À la suite du tollé, Muralitharan a publié une déclaration selon laquelle il avait demandé à l'acteur de se retirer du projet, et Sethupathi a partagé la déclaration sur sa page Facebook.
La colère est née de l'association de Muralitharan avec Mahinda Rajapaksa, qui est maintenant le Premier ministre du Sri Lanka, et son frère Gotabaya Rajapaksa, qui est le président. En 2009, Mahinda Rajapaksa était le président et Gotabaya était le ministre de la Défense – et tous deux ont été accusés de violations flagrantes des droits humains au cours des dernières étapes de la guerre.

Quelle est la brève chronologie des problèmes tamouls-cinghalais ?
En 1956, huit ans après l'indépendance de Ceylan, le Sinhala Only Act a été adopté, faisant du cinghalais la langue de la gouvernance. Le tamoul n'était pas reconnu comme langue officielle.
En 1971, la politique de normalisation a été introduite, qui a fixé des critères plus élevés pour les étudiants tamouls pour entrer dans les universités. En 1972, Ceylan a été rebaptisé Sri Lanka et le bouddhisme occupe une place de choix parmi les religions.
En 1975, Vellupillai Prabhakaran, 21 ans, a assassiné le maire de Jaffna et, un an plus tard, a créé les Tigres de libération de l'Eelam tamoul (LTTE).
Il y a eu deux émeutes anti-tamoules en 1958 et 1977, mais l'émeute anti-tamoule la plus sanglante a éclaté en juillet 1983 après une embuscade du tigre contre un convoi de l'armée à Jaffna. Bien que les chiffres ne soient pas clairs, jusqu'à 3 000 Tamouls ont peut-être été tués. « Juillet noir » a plongé le pays dans une guerre civile qui a duré 26 ans et a tué 100 000 personnes ou plus.
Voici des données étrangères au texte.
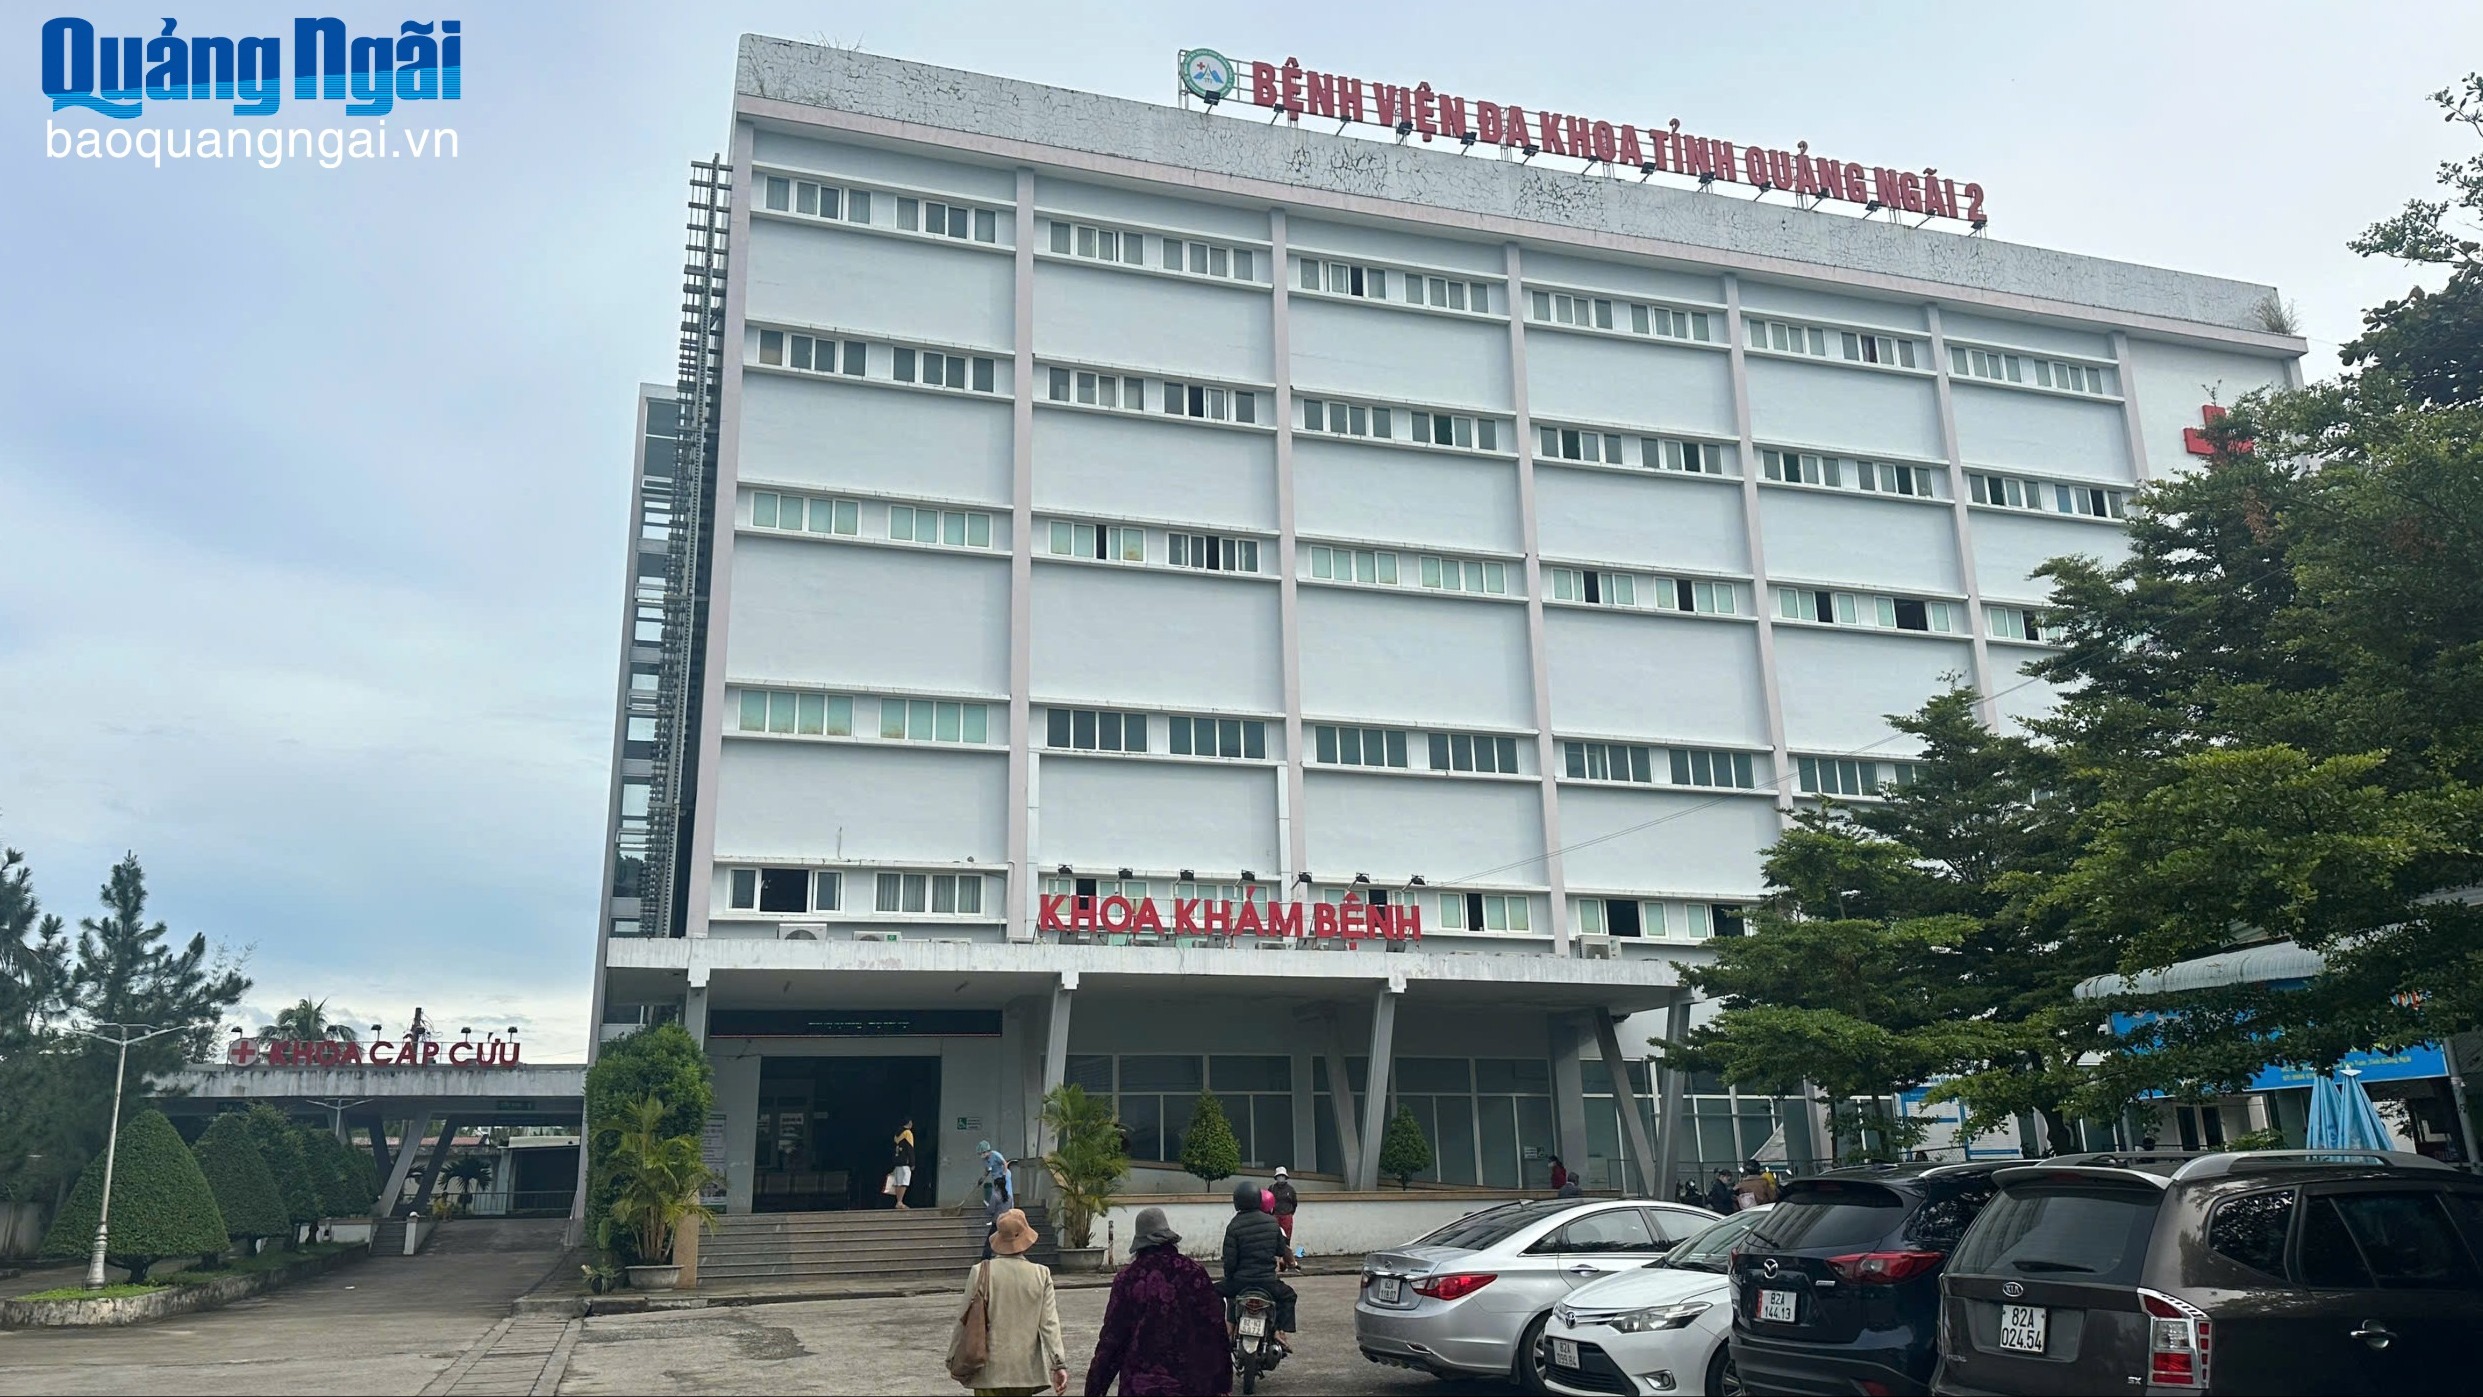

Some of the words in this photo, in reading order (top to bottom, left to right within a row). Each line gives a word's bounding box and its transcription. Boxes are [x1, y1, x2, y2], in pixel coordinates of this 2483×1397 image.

[1252, 57, 1363, 122] BỆNH
[1373, 82, 1467, 143] VIỆN
[1477, 101, 1530, 149] ĐA
[1540, 110, 1644, 168] KHOA
[1649, 118, 1737, 182] TỈNH
[1745, 140, 1868, 204] QUẢNG
[1874, 168, 1959, 219] NGÃI
[1965, 182, 1987, 222] 2
[1039, 894, 1165, 935] KHOA
[1174, 885, 1303, 938] KHÁM
[1314, 892, 1421, 951] BỆNH
[268, 1040, 363, 1067] KHOA
[449, 1032, 520, 1068] CỨU
[1770, 1292, 1785, 1305] 82A
[1765, 1306, 1791, 1319] 144.13
[2012, 1307, 2034, 1328] 82A
[2001, 1327, 2042, 1350] 024.54
En janvier 2009, l'armée sri-lankaise a capturé Killinochi, la capitale des Tigres, et en mai, le gouvernement a annoncé la victoire sur les rebelles le même jour que Prabhakaran a été tué. L'année prochaine, Rajapaksa a été réélu à l'élection présidentielle.
En 2011, les Nations Unies ont publié un rapport accusant l'armée sri-lankaise de crimes de guerre et ont estimé que 40 000 civils pourraient être morts au cours des derniers mois de la guerre civile. Suivez Express Explained sur Telegram
Qu'a dit Muralitharan en réponse aux allégations?
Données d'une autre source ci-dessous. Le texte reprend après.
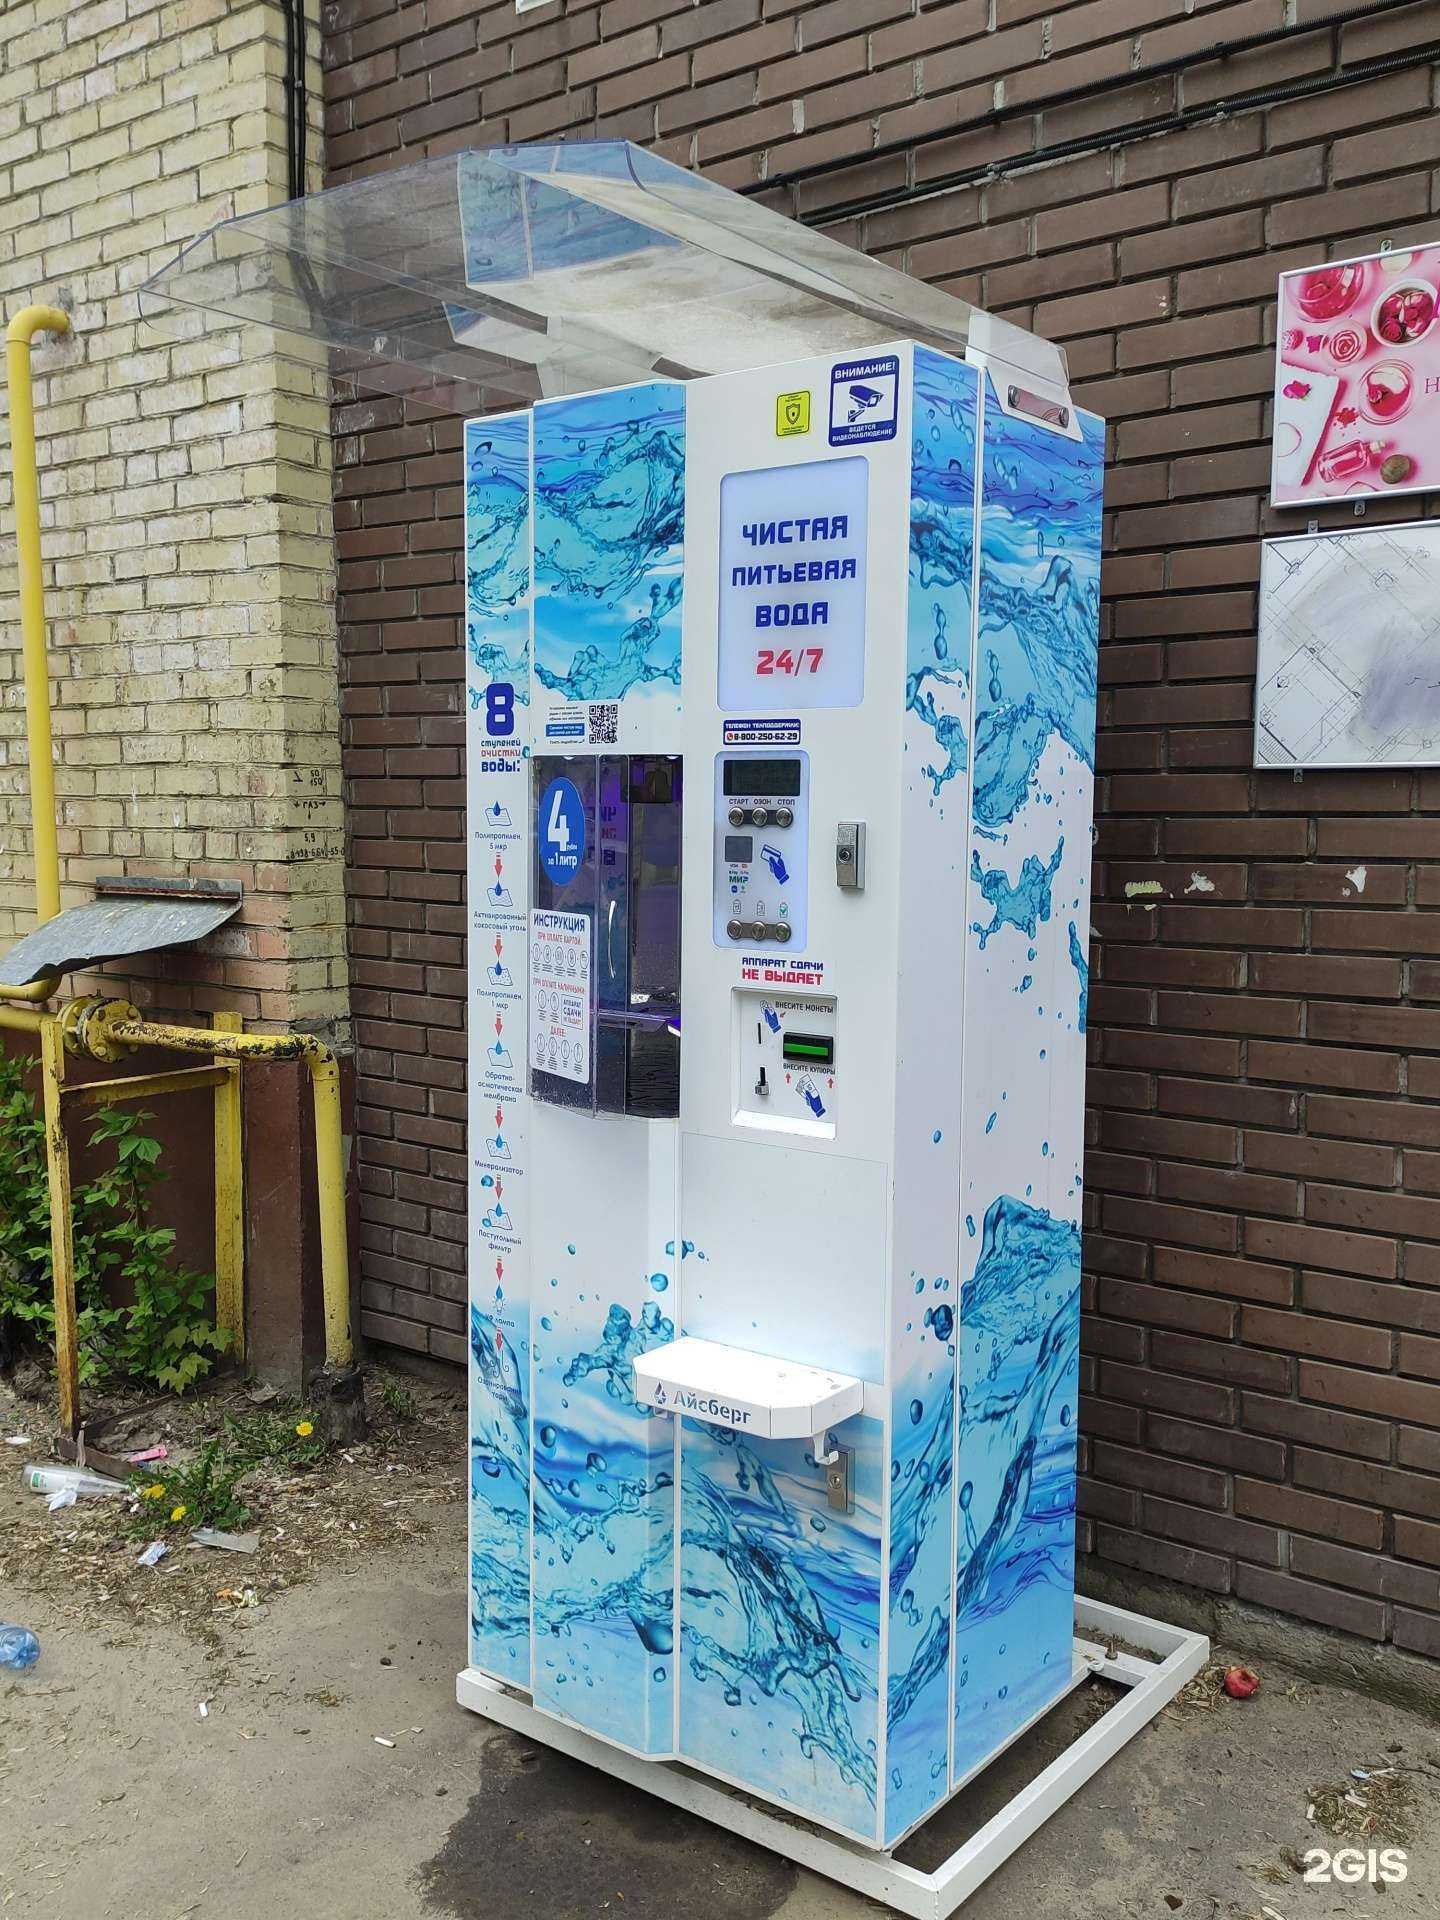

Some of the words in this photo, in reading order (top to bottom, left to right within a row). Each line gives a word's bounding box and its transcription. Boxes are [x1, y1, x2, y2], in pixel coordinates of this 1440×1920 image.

La légende du cricket a publié une déclaration le 19 octobre, qui disait : Il y a eu de nombreuses allégations portées contre moi selon lesquelles j'ai soutenu le génocide. Par exemple, lorsque j'ai déclaré en 2019 que 2009 était la meilleure année de ma vie, il a été mal interprété que je célébrais le génocide des Tamouls de l'Eelam. En tant que personne qui a constamment passé sa vie dans une zone de conflit, la fin de la guerre en 2009 a été un changement bienvenu. J'étais heureux qu'il n'y ait eu aucun décès des deux côtés au cours de ces dix années.
Je n'ai jamais soutenu le génocide, et je ne le ferai jamais. En tant que communauté minoritaire vivant au Sri Lanka à majorité cinghalaise, les Tamouls ont lutté contre une faible estime de soi. Mes parents se considéraient comme des citoyens de seconde zone et c'est tout naturellement que j'ai emboîté le pas. Après avoir réussi au cricket, je voulais que mes compatriotes tamouls prennent confiance en eux et s'épanouissent dans la vie.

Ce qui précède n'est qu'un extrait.